Josiah Johnson (of the Head and the Heart)

Southern California native, current resident of the Bay Area, former Seattleite, one-time Torontonian, and long-time tour busy resident. JOSIAH JOHNSON'S immersion in the musical culture of so many locales, as well as his dedication to constant touring, have given him the means to share his music far and wide. But the strength of his songwriting has carried his music far beyond his physical reach. Best known as a member of American indie-folkers THE HEAD AND THE HEART, Josiahs solo performances highlight a stripped down, emotive, lyrics-first kind of song craft, inimitable in its sincerity and beauty.

If there is one constant in the work of singer-songwriter Sawyer Gebauer, it is change. Moving to Sweden from Wisconsin at only 19, he formed and fronted the mercurial Brittsommar, a musical entity that took off in Europe with a rotating cast of musicians.

An avid traveler, Sawyer crossed the ocean between Europe and the U.S. 18 times within a handful of years. Eventually, he resettled on home soil and recorded the Mary Me EP (2015) at TRI Studios in San Rafael, California which would ultimately be Brittsommar's third and final album.

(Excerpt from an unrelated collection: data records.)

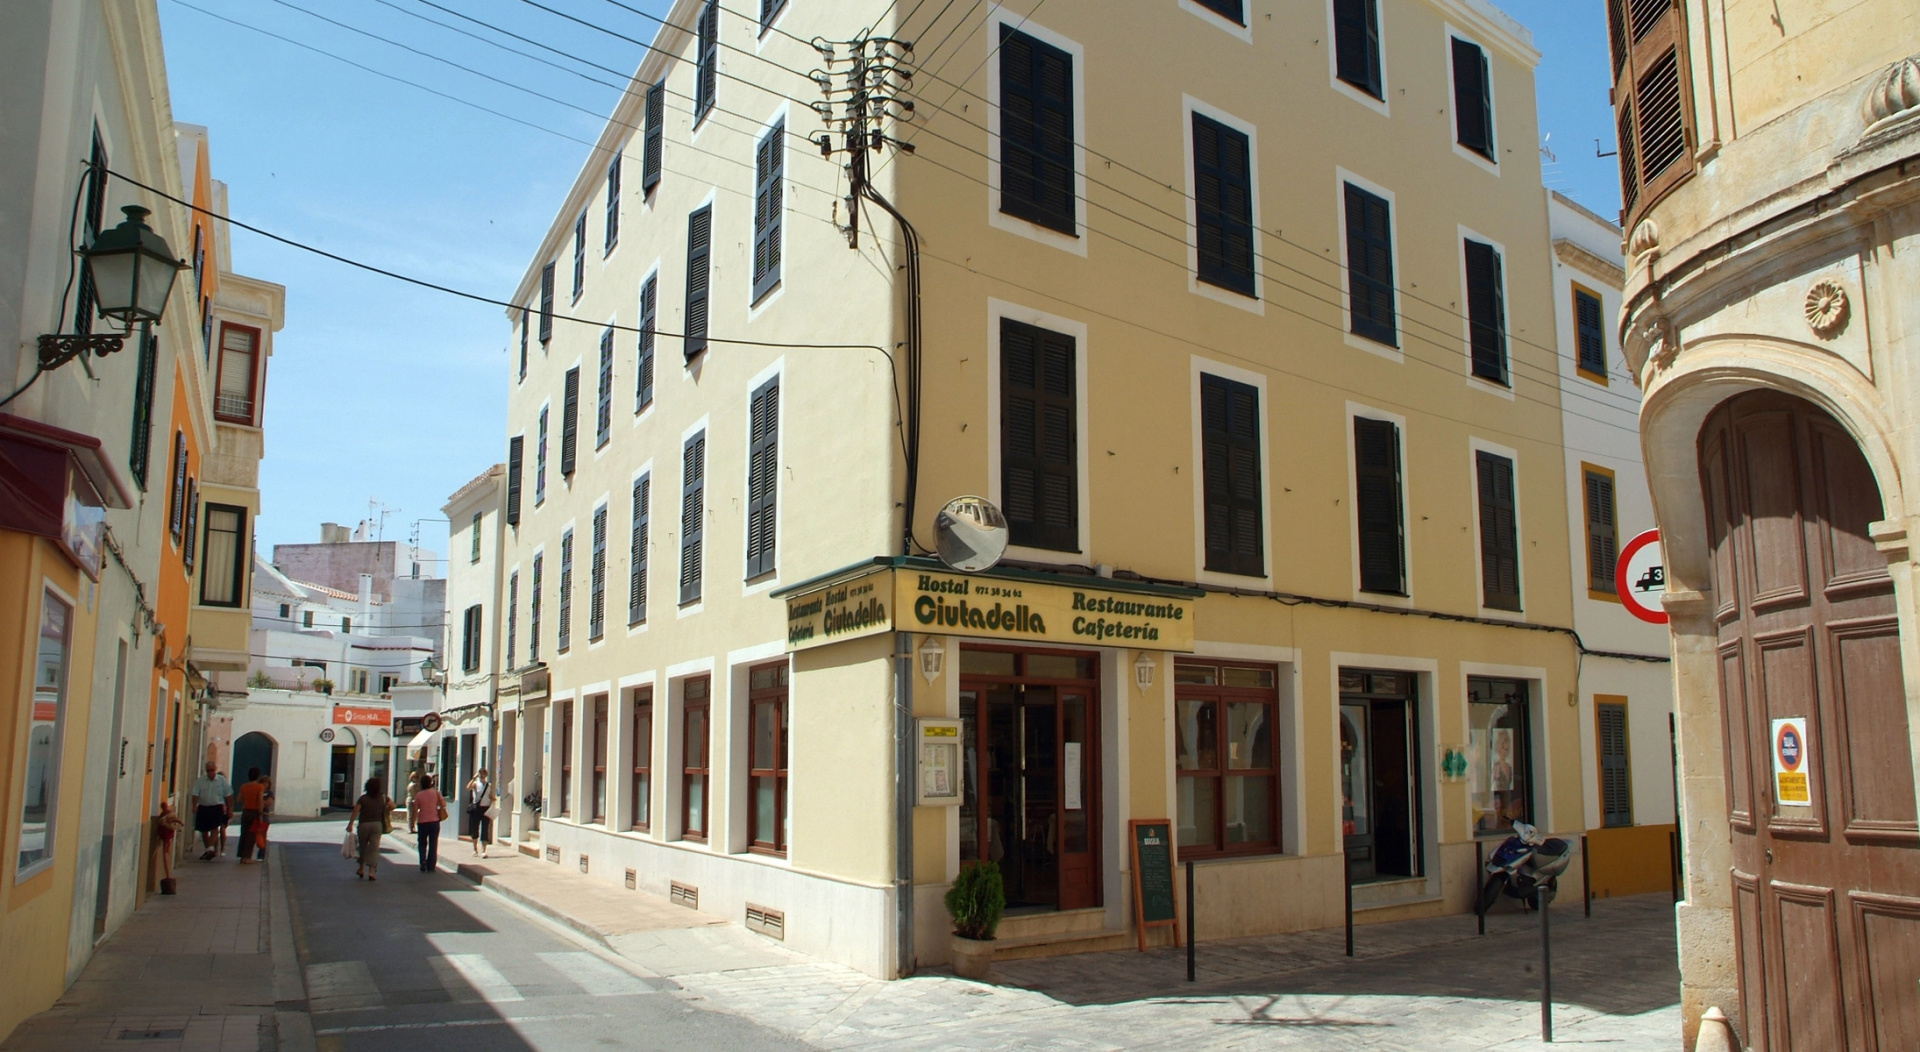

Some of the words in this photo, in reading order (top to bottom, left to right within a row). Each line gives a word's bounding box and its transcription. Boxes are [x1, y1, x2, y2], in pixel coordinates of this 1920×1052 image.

[825, 585, 848, 607] Hostal
[917, 574, 969, 595] Hostal
[975, 585, 988, 595] 971
[990, 586, 1001, 596] 38
[1002, 588, 1011, 598] 34
[1012, 588, 1022, 598] 62
[823, 597, 886, 637] Ciutadella
[914, 595, 1046, 634] Ciutadella
[1071, 591, 1184, 620] Restaurante
[1072, 616, 1159, 641] Cafetería

Meanwhile, an alternate course was unfolding, a path that necessitated letting go of an identity once embraced. Sawyer's new project, Catch Prichard, grew from deep roots in Americana. Citing Townes Van Zandt and Springsteen’s 1995 LP The Ghost of Tom Joad as major influences, Sawyer set out to record a collection of sweet and simple songs that exalt narrative as much as they do melody. The result is Eskota, a five-song EP resting somewhere between languid folk and forlorn country; Sawyer’s weighty baritone gliding over pedal steel and Moog like an oil slick on water.